▶ [Required work]
Please transcribe all of the entries exactly, leaving out any images.

Annotated photo localization data
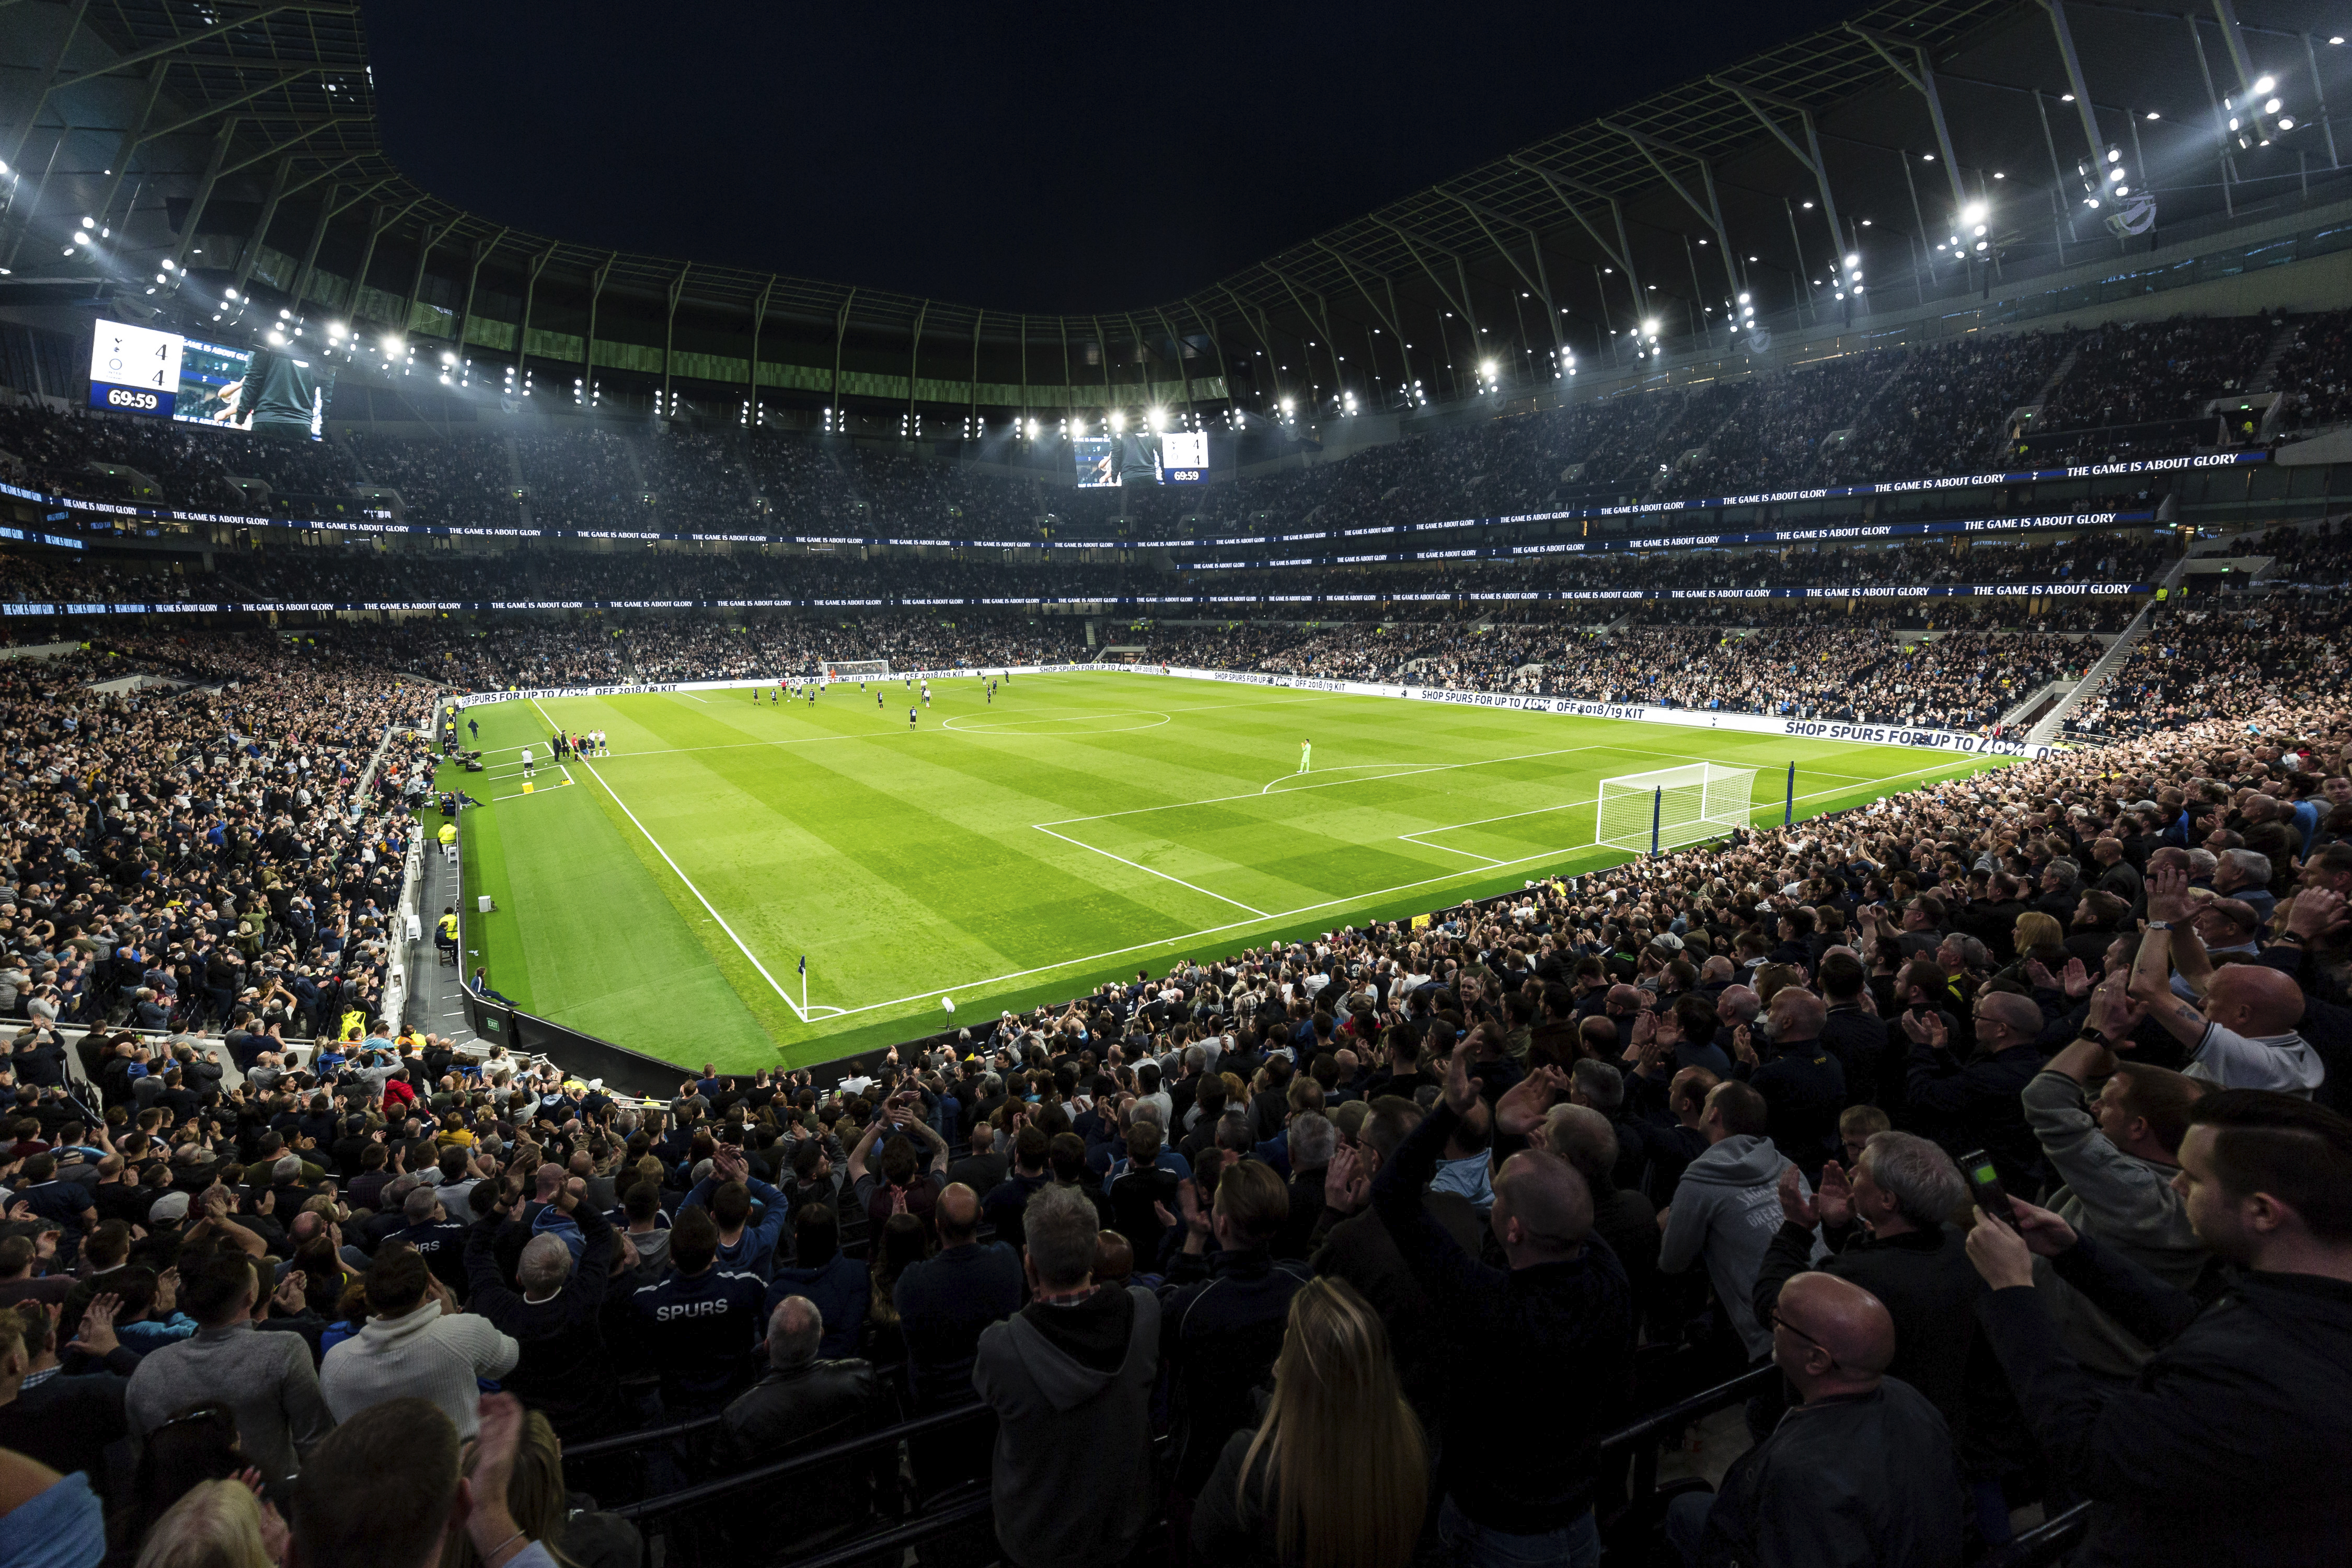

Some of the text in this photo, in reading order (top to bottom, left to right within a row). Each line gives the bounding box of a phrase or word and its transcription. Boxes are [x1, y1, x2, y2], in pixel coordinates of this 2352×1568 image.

[155, 344, 168, 360] 4
[152, 370, 165, 386] 4
[109, 389, 157, 409] 69:59
[1193, 440, 1199, 449] 4
[1194, 455, 1200, 465] 4
[2067, 454, 2238, 476] THE GAME IS ABOUT GLORY
[1174, 471, 1199, 480] 69:59
[1875, 474, 2005, 492] THE GAME IS ABOUT GLORY
[1964, 513, 2116, 529] THE GAME IS ABOUT GLORY
[1793, 530, 1817, 538] GAME
[1829, 528, 1860, 536] ABOUT
[1861, 526, 1891, 535] GLORY
[1862, 587, 1895, 596] ABOUT
[1897, 587, 1929, 595] GLORY
[1973, 584, 2131, 595] THE GAME IS ABOUT GLORY
[1143, 666, 1159, 675] 2018/19
[1229, 673, 1246, 682] SPURS
[1247, 675, 1258, 683] FOR
[1259, 675, 1266, 684] UP
[1308, 681, 1333, 691] 2018/19
[1334, 683, 1346, 691] KIT
[472, 694, 496, 704] SPURS
[500, 692, 520, 701] FOR
[1422, 690, 1444, 700] SHOP
[1445, 693, 1473, 703] SPURS
[1474, 695, 1493, 705] FOR
[1494, 697, 1507, 706] UP
[1509, 698, 1520, 707] TO
[1525, 699, 1550, 709] 40%
[1557, 702, 1577, 712] OFF
[1625, 708, 1645, 719] KIT
[1785, 722, 1827, 736] SHOP
[1830, 725, 1884, 742] SPURS
[1929, 734, 1951, 747] UP
[1955, 736, 1974, 751] TO
[1981, 739, 2025, 756] 40%
[488, 1020, 498, 1029] EXIT
[656, 1299, 728, 1321] SPURS

▶ [Task output]
Some of the text in this photo, in reading order (top to bottom, left to right within a row). Each line gives the bounding box of a phrase or word and its transcription. Boxes are [x1, y1, x2, y2], in pixel coordinates of this 2352×1568 image.

[155, 344, 168, 360] 4
[152, 370, 165, 386] 4
[109, 389, 157, 409] 69:59
[1193, 440, 1199, 449] 4
[1194, 455, 1200, 465] 4
[2067, 454, 2238, 476] THE GAME IS ABOUT GLORY
[1174, 471, 1199, 480] 69:59
[1875, 474, 2005, 492] THE GAME IS ABOUT GLORY
[1964, 513, 2116, 529] THE GAME IS ABOUT GLORY
[1793, 530, 1817, 538] GAME
[1829, 528, 1860, 536] ABOUT
[1861, 526, 1891, 535] GLORY
[1862, 587, 1895, 596] ABOUT
[1897, 587, 1929, 595] GLORY
[1973, 584, 2131, 595] THE GAME IS ABOUT GLORY
[1143, 666, 1159, 675] 2018/19
[1229, 673, 1246, 682] SPURS
[1247, 675, 1258, 683] FOR
[1259, 675, 1266, 684] UP
[1308, 681, 1333, 691] 2018/19
[1334, 683, 1346, 691] KIT
[472, 694, 496, 704] SPURS
[500, 692, 520, 701] FOR
[1422, 690, 1444, 700] SHOP
[1445, 693, 1473, 703] SPURS
[1474, 695, 1493, 705] FOR
[1494, 697, 1507, 706] UP
[1509, 698, 1520, 707] TO
[1525, 699, 1550, 709] 40%
[1557, 702, 1577, 712] OFF
[1625, 708, 1645, 719] KIT
[1785, 722, 1827, 736] SHOP
[1830, 725, 1884, 742] SPURS
[1929, 734, 1951, 747] UP
[1955, 736, 1974, 751] TO
[1981, 739, 2025, 756] 40%
[488, 1020, 498, 1029] EXIT
[656, 1299, 728, 1321] SPURS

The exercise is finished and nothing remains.